The SNMP box is already configured and will correctly graph it. All howtos I can find talk about setting up Catci or MRTG which is all well and good, but what I need seems simpler, yet I can't seem to find what I'm looking for. The SNMP box is already configured with the correct community name etc so this should be a really easy one in theory.
Any help very gratefully received
Thanks
When you say "interface utilisation", I assume you mean Ethernet interface utilization. If that assumption is correct, there are a couple OIDs to investigate:
1.3.6.1.2.1.2.2.1.10
- ifInOctets returns the total number of octets received on the interface, including framing characters.1.3.6.1.2.1.2.2.1.16
- ifOutOctets returns the total number of octets transmitted out of the interface, including framing characters.1.3.6.1.2.1.31.1.1.1.6
- ifHCInOctets returns the total number of octets received on the interface, including framing characters (this is the 64-bit version of ifInOctets).1.3.6.1.2.1.31.1.1.1.10
- ifHCInOctets returns the total number of octets transmitted out of the interface, including framing characters (this is the 64-bit version of ifOutOctets).Each OID is part of a table and will have an associated index that links it to an interface description (e.g., eth0
or br1
).
These OIDs provide a count of octets received and transmitted so they require a little massaging to get into the utilization rates you desire. In the past when I've monitored these OIDs I've queried for two values a few seconds apart and then calculated the rate.
(QueryResult2 - QueryResult1) / (SecondsElapsed)
I would guess that Cacti (which I assume you're using since you tagged your question with it) has some way to calculate rates from SNMP values, however, I've never used it so I am not positive.

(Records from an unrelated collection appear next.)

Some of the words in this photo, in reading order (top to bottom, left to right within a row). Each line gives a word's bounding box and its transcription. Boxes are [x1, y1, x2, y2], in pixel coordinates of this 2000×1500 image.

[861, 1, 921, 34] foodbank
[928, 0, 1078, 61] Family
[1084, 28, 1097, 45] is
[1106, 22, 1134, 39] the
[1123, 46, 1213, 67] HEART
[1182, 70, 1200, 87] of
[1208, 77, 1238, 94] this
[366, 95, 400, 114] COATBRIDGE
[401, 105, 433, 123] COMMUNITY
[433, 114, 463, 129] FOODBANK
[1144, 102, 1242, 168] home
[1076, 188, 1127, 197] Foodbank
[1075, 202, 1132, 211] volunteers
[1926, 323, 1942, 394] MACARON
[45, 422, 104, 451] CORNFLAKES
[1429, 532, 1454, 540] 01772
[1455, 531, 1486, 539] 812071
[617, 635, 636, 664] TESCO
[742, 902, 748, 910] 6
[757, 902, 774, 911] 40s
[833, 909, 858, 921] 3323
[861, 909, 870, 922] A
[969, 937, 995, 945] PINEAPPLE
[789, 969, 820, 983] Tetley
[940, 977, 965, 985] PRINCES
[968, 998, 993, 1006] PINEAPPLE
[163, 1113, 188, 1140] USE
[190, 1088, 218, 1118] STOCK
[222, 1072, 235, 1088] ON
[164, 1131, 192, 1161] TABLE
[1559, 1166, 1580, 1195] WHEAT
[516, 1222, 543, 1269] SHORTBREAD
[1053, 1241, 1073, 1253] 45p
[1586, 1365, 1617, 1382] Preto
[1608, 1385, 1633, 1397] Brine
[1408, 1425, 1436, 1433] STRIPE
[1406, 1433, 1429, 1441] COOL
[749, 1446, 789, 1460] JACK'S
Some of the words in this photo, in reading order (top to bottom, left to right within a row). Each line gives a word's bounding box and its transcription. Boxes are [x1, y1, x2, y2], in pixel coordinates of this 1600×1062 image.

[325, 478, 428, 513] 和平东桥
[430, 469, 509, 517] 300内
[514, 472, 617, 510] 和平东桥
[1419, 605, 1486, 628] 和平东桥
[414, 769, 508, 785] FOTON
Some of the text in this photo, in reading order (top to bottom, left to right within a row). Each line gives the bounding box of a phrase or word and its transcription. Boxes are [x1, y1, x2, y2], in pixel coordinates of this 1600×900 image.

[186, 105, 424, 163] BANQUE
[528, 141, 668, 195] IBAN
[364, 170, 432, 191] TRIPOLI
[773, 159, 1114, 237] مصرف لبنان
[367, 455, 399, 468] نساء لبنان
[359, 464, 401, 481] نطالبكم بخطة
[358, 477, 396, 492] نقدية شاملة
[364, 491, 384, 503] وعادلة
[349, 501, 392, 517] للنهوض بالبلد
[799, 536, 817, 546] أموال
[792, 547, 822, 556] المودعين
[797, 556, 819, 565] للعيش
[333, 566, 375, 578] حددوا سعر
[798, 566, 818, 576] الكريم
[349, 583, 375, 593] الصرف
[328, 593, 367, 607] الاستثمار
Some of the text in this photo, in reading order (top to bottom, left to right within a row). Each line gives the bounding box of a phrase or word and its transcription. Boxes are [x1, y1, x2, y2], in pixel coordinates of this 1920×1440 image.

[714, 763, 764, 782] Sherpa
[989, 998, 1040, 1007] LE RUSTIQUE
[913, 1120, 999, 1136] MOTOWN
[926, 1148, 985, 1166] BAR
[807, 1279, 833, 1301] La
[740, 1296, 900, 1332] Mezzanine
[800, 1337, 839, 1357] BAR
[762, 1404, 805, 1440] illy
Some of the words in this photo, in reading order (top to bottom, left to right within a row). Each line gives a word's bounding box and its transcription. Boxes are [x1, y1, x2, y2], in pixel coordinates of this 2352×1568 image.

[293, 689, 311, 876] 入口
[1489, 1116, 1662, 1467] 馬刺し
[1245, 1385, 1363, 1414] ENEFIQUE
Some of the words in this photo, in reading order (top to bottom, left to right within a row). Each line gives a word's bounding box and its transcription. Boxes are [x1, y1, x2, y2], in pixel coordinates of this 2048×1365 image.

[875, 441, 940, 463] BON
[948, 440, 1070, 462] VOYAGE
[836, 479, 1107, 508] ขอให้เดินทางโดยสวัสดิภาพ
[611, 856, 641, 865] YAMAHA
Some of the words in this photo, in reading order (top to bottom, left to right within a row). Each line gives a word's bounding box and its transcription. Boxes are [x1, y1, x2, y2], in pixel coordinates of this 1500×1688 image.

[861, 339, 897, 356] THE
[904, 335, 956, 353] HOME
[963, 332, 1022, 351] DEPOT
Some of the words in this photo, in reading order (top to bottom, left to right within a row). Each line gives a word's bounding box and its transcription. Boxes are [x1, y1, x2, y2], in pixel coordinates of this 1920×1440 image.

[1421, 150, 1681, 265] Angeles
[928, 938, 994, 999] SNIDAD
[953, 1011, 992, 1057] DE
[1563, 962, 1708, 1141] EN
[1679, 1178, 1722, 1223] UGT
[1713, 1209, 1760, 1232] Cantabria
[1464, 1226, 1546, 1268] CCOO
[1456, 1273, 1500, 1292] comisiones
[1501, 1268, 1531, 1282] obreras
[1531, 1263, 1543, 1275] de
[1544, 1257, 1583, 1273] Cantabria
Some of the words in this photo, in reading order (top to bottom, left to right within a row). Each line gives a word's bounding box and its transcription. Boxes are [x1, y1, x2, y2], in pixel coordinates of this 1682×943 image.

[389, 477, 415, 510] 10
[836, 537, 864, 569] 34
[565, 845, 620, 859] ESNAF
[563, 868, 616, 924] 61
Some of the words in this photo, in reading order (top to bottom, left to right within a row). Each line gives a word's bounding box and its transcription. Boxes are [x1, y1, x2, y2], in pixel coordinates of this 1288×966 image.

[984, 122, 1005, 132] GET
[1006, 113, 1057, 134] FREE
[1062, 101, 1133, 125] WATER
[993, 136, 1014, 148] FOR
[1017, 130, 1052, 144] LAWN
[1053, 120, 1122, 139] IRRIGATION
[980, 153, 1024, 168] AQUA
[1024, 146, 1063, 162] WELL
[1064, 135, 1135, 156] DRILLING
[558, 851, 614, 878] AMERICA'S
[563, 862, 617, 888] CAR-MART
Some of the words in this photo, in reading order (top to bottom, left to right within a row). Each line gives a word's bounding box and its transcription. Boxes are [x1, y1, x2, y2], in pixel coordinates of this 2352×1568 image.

One other important note is that the default snmpd.conf included with CentOS may not have these OIDs enabled. If you run snmpwalk
on 1.3.6.1.2.1.2
and 1.3.6.1.2.1.31
and receive empty results, edit /etc/snmpd.conf
to configure the SNMP daemon to respond to those OIDs. I can't remember the exact syntax but I think adding a line like,
view all included .1
will enable all available OIDs on the server.